Looking closely at the aquatic vegetation on the shallow edges of the brook with binoculars, I saw three green frogs, sitting half submerged and camouflaged among that water-adapted plant life.

Frogs have thin skins and die in outdoor swimming pools with chlorine in them. But there those frogs sat, watching for invertebrates in a mix of rainwater and treated wastewater.

I’ve seen other creatures in that wastewater brook, attempting to prey on the minnows and frogs in it. I’ve seen several northern water snakes in it over the years and a young snapping turtle, but not all at once. And, occasionally, I’ve seen a great blue heron or a great egret stalking minnows and frogs.

A few muskrats live permanently in that brook. They dig burrows in the stream banks at the usual water level and slant them up above the water line. These rodents eat grass, arrowhead roots, and other vegetation along the brook. And, without doubt, muskrats and other critters drink the brook water.

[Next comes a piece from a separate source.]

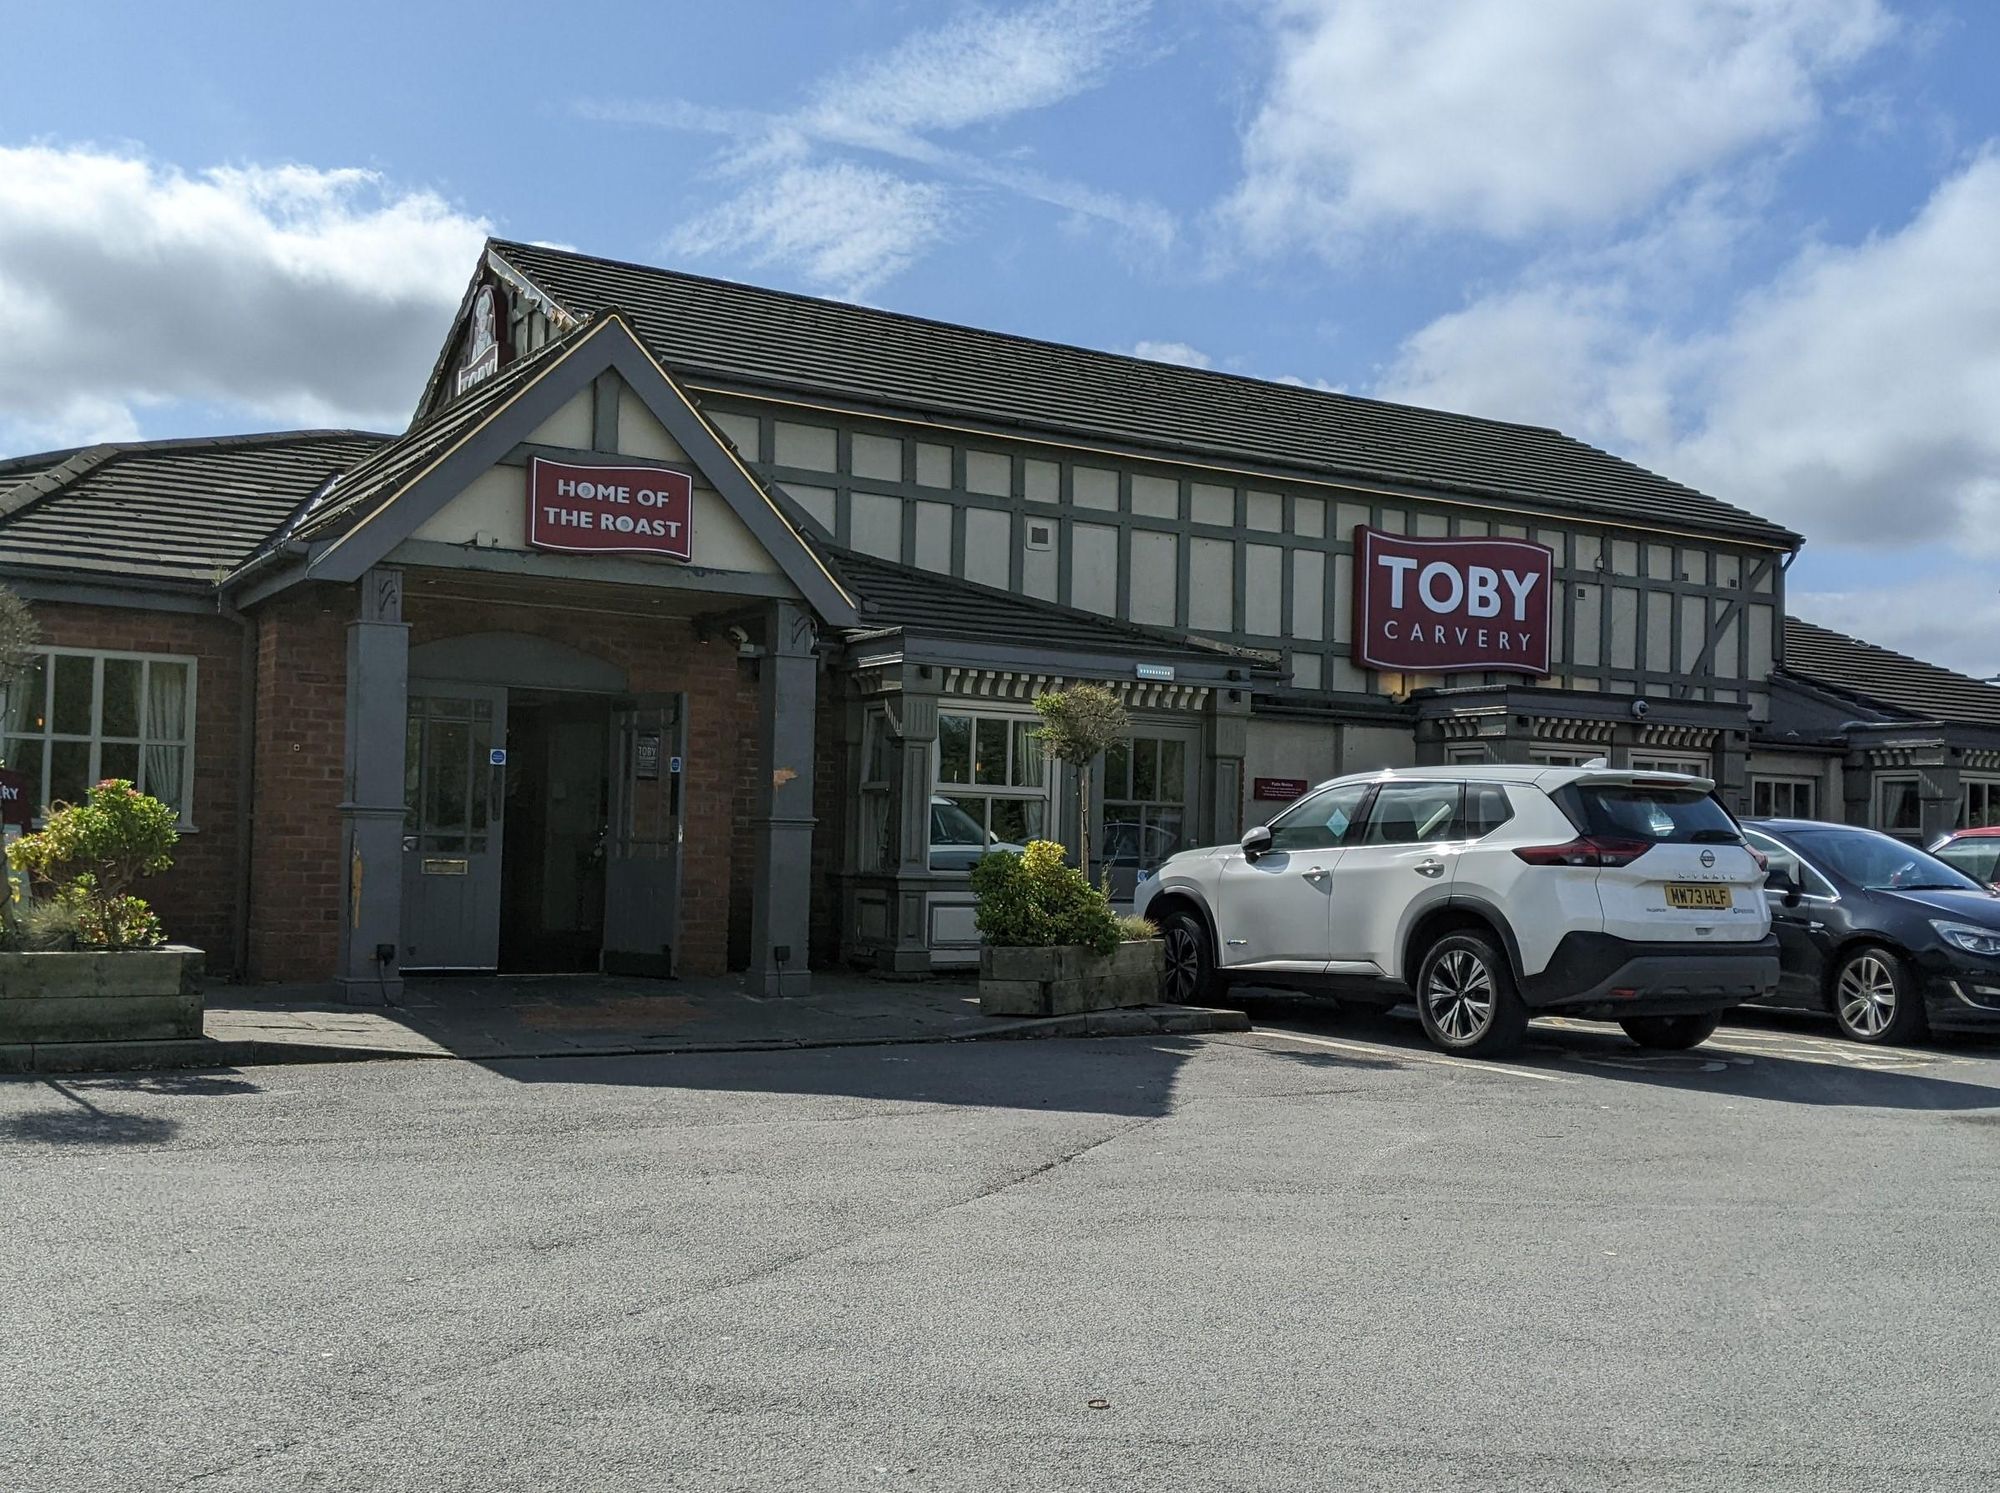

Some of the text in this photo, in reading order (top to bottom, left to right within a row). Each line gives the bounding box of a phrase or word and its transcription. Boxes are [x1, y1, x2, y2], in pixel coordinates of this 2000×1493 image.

Other bird species regularly frequent this brook. Mallard ducks eat aquatic vegetation there. Song sparrows, common grackles, red-winged blackbirds, killdeer plovers, spotted sandpipers, and Wilson’s snipe, another kind of sandpiper, patrol the narrow, muddy shores of the brook to catch and ingest invertebrates during spring and summer.

Song sparrows live permanently along that brook and nest in tall grass there. And little groups of American goldfinches consume algae from the shores of this brook in summer. The yellow-and-black male goldfinches resemble flowers on the edges of the water.

Small, thin bluet damselflies, which are blue, feed on flying insects and spawn in this brook in summer. The nymphs of these pretty insects feed on invertebrates on the brook’s muddy bottom.

Water from local business is obviously treated before being released into my favorite brook. The proof is the variety and numbers of wildlife living in it for years.


Clyde McMillan-Gamber is a retired Lancaster County Parks naturalist.

Have questions?

We are just a click away!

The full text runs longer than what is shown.